Courage and perseverance have a magical talisman, before which difficulties disappear and obstacles vanish into air.

John Quincy Adams


JENNIE

It's nearing dinner time when Lisa, Suho, Irene, and I approach the head table. It's raised above all of the others, like it's meant for royalty. And I suppose, in this company, the board and CEO are.

We take our assigned seats, and when we settle down, I notice the seat beside Jiyong is empty. I haven't seen Sandara around, but I just assumed that she was off somewhere, rating poor girls on their appearances.

One look at Jiyong and my stomach is in knots.
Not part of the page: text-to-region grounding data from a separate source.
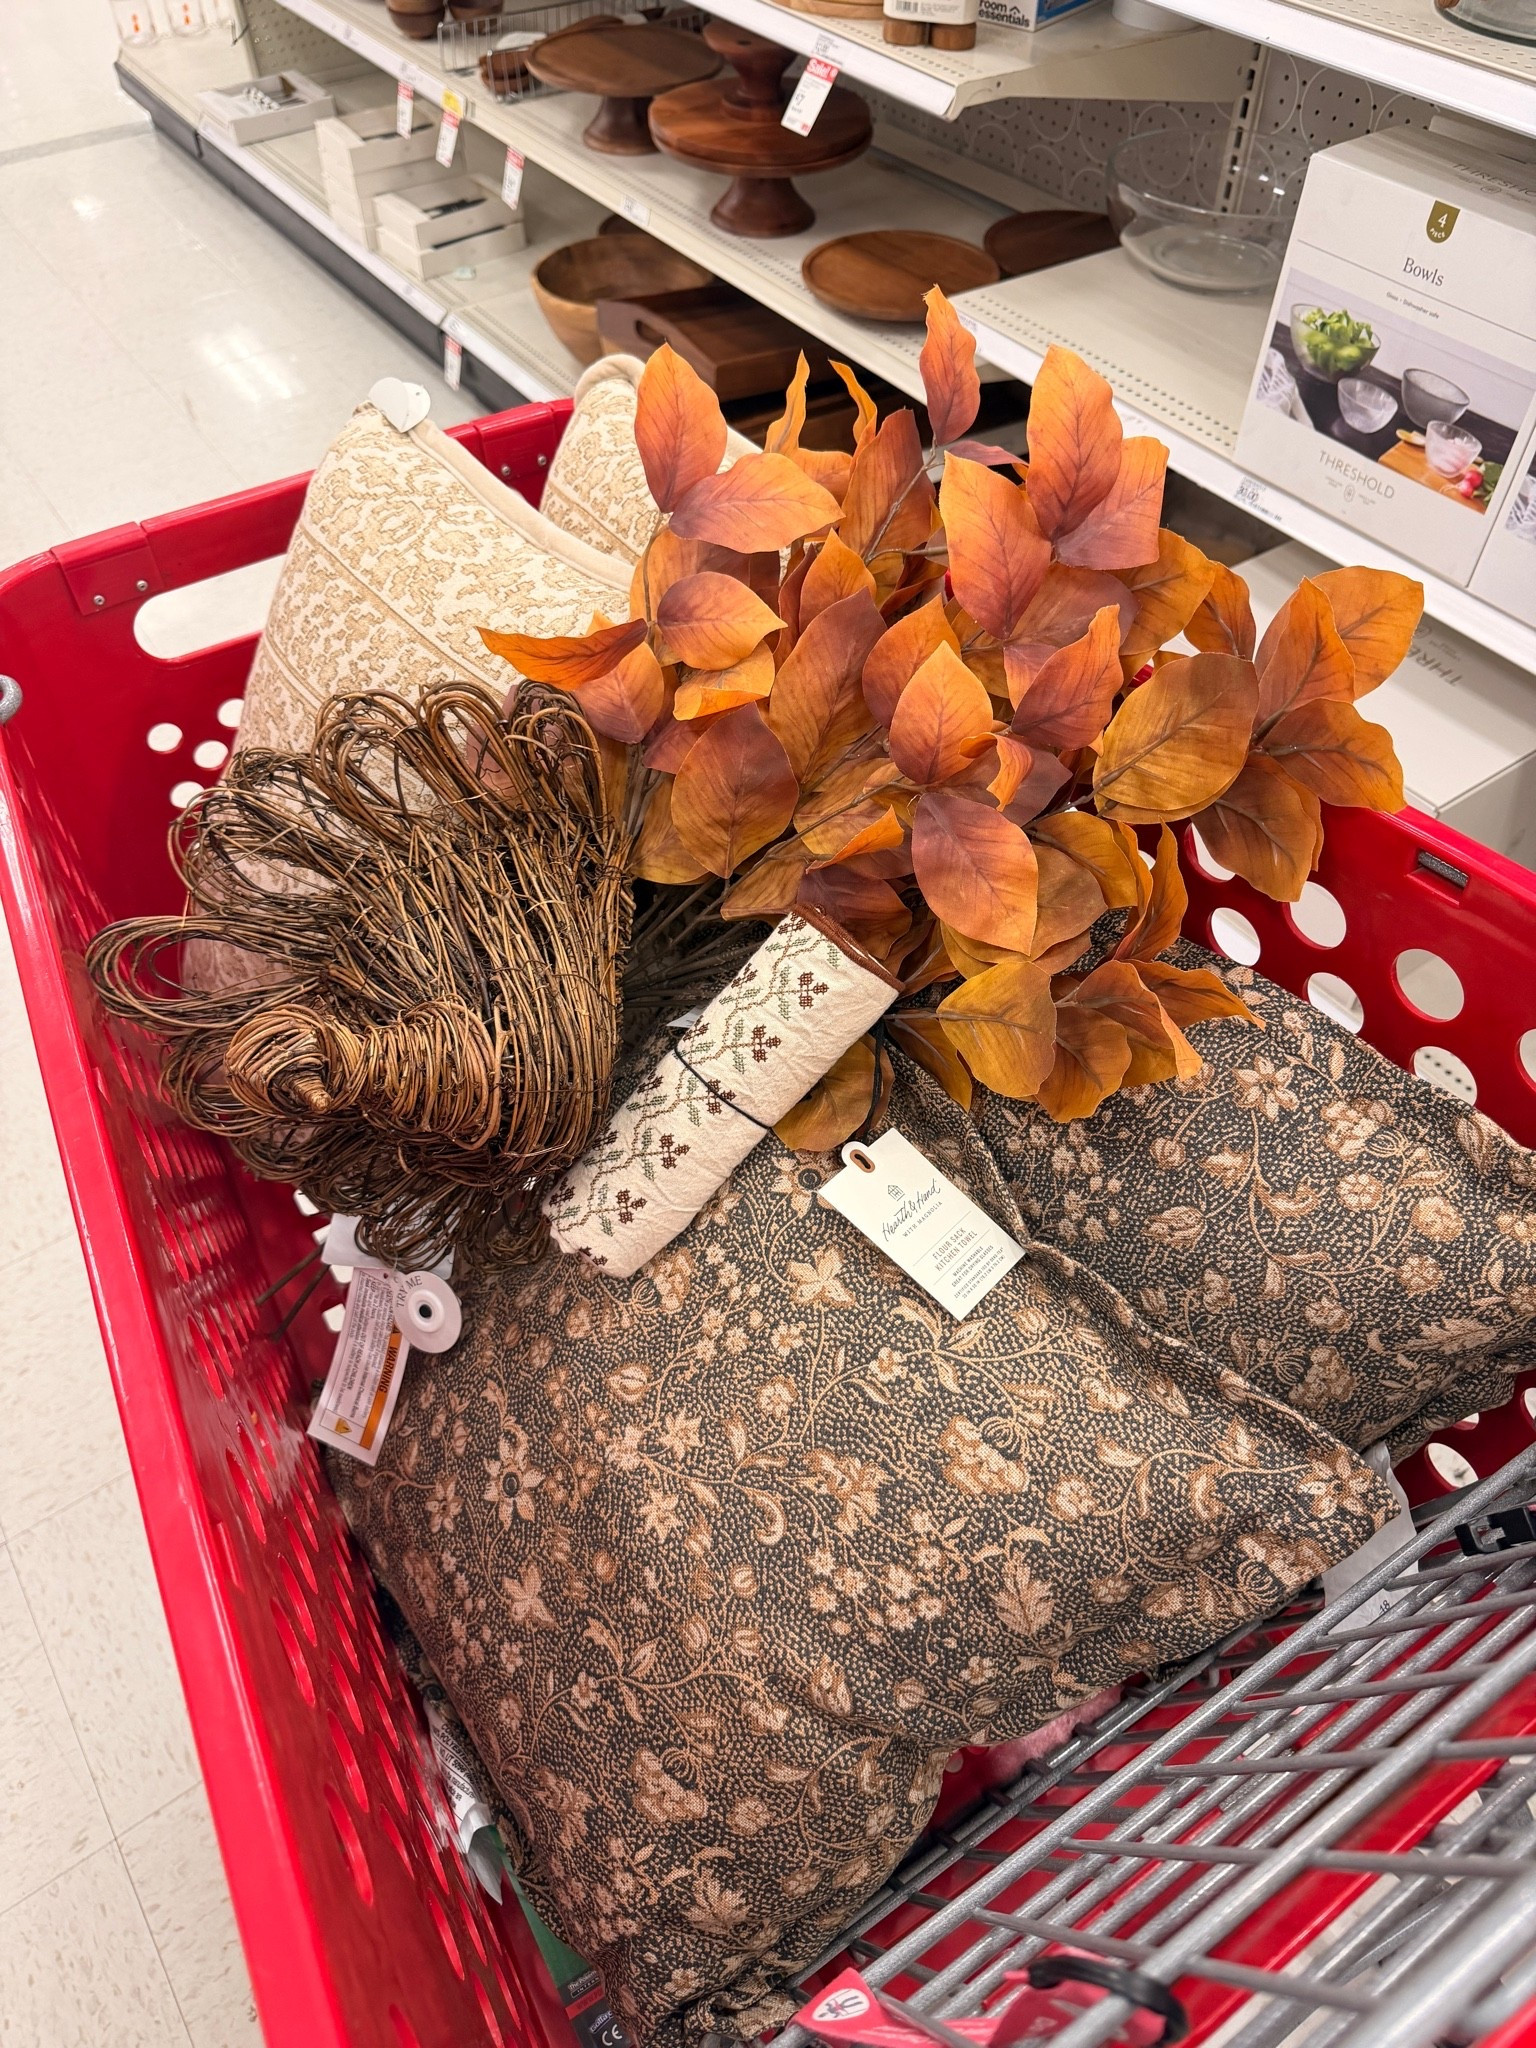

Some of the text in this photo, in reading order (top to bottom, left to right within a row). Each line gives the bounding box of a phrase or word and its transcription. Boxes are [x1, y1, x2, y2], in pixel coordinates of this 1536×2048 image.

[978, 9, 1029, 27] essentials
[980, 0, 1007, 12] room
[1429, 227, 1446, 238] PIECE
[1438, 213, 1448, 228] 4
[1402, 257, 1444, 287] Bowls
[1319, 450, 1395, 499] THRESHOLD
[882, 1178, 941, 1241] Hearth & Hand
[903, 1201, 942, 1237] WITH MAGNOLIA
[932, 1228, 966, 1260] FLOUR SACK
[934, 1231, 977, 1272] KITCHEN TOWEL
[951, 1276, 963, 1287] GREAT
[961, 1268, 969, 1277] FOR
[978, 1245, 993, 1259] GLASSES
[952, 1246, 983, 1277] MACHINE WASHABLE
[396, 1275, 422, 1307] TRY ME
[379, 1346, 399, 1393] WARNING
He has an eager look on his face, which can't mean anything good is coming. I look away immediately, but he speaks up.

"Jennie, what a wonderful surprise to see you here."
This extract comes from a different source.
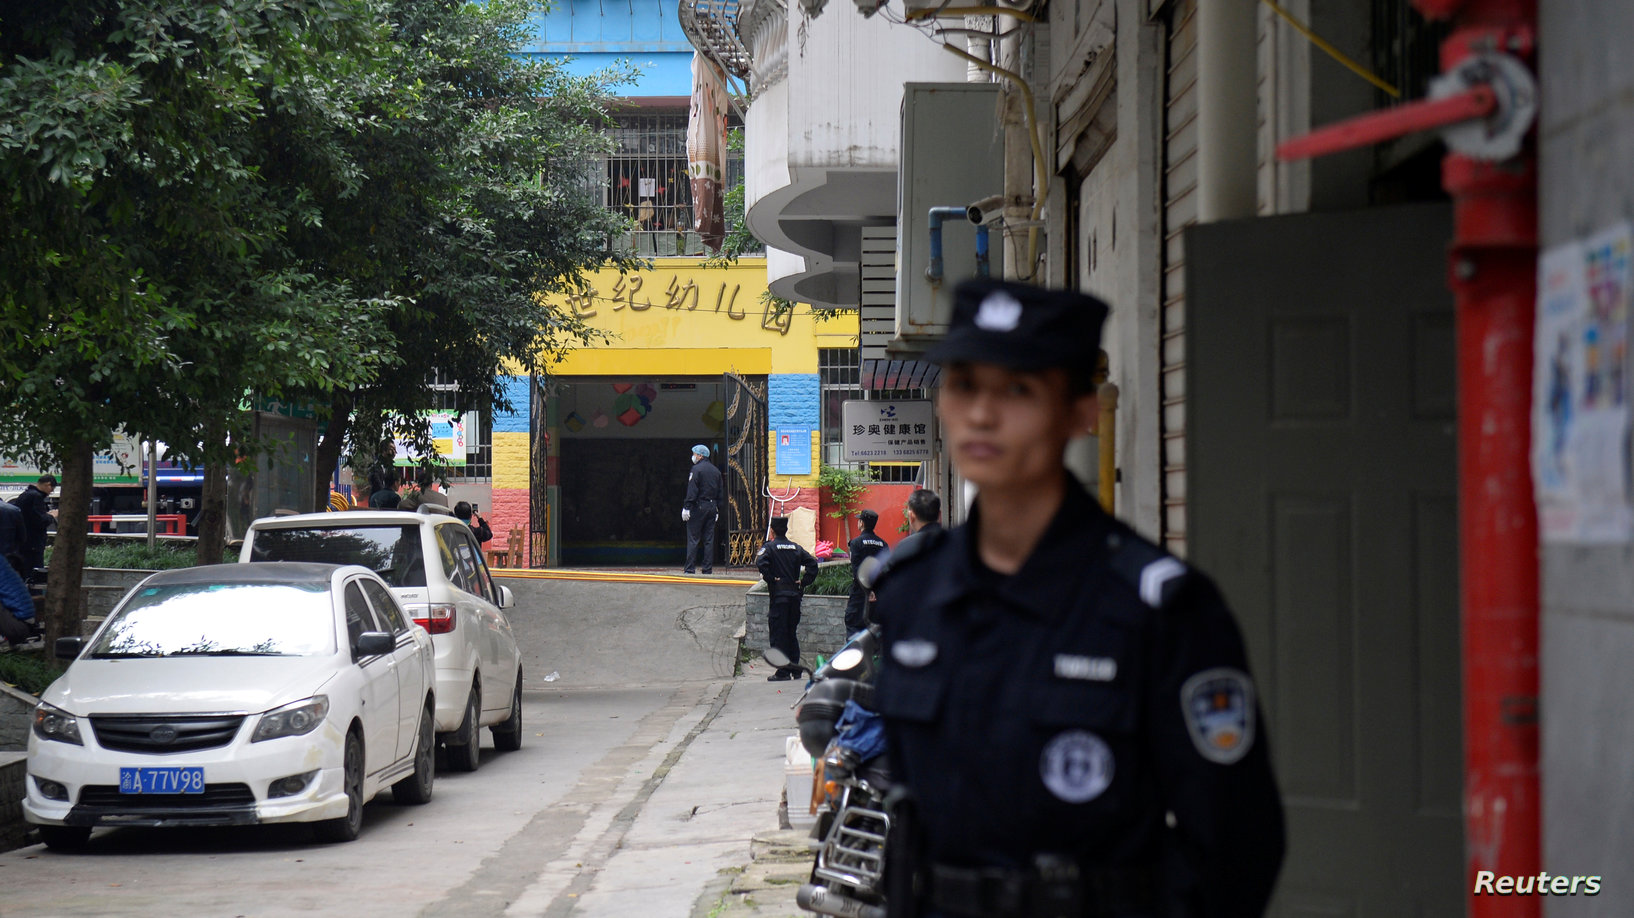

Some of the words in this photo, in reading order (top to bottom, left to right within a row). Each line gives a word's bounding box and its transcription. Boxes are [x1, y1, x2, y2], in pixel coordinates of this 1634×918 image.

"Is it?" Lisa asks, a warning in her voice. "This is a company event, and we always bring our spouses to events. Jennie will soon be my wife. Her presence shouldn't be a surprise to any of us." She narrows her eyes. "But I see your wife isn't here. Having trouble at home, Jiyong?"

"Not at all." Jiyong grin spreads wider, his face the unsettling picture of anticipation. "She was feeling under the weather, but luckily, another friend of mine happens to be in town. So, I decided to invite him instead."
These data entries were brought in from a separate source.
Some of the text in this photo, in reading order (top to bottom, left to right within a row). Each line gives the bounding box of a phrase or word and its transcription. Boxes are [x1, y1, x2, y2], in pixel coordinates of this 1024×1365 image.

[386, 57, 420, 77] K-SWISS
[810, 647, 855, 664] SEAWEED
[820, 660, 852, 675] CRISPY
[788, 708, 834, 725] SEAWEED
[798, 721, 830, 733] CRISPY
Lisa's eyes are narrowed in suspicion. "Anyone we know?"

Jiyong's grin is so wide right now that it has to be hurting his face. "I don't think you two have had the pleasure of meeting, but your dear Jennie should know him well."

I freeze.

It's someone I know?

I don't really know anyone.

Doyeon? Jimin? Eduardo? Krystal? Her lackeys?

They all already live "in town," and no one from my past has the money to vacation in New York City. So, who else can it be? Lisa's hand grips mine under the table, but I can't reassure her. Or is she reassuring me? I don't know. I don't know anything right now. I have no idea who Jiyong might have brought.

My mind briefly considers Steve before I dismiss the ridiculous notion. No one knows about him, and I've changed my name. There's no way Jiyong could've found him.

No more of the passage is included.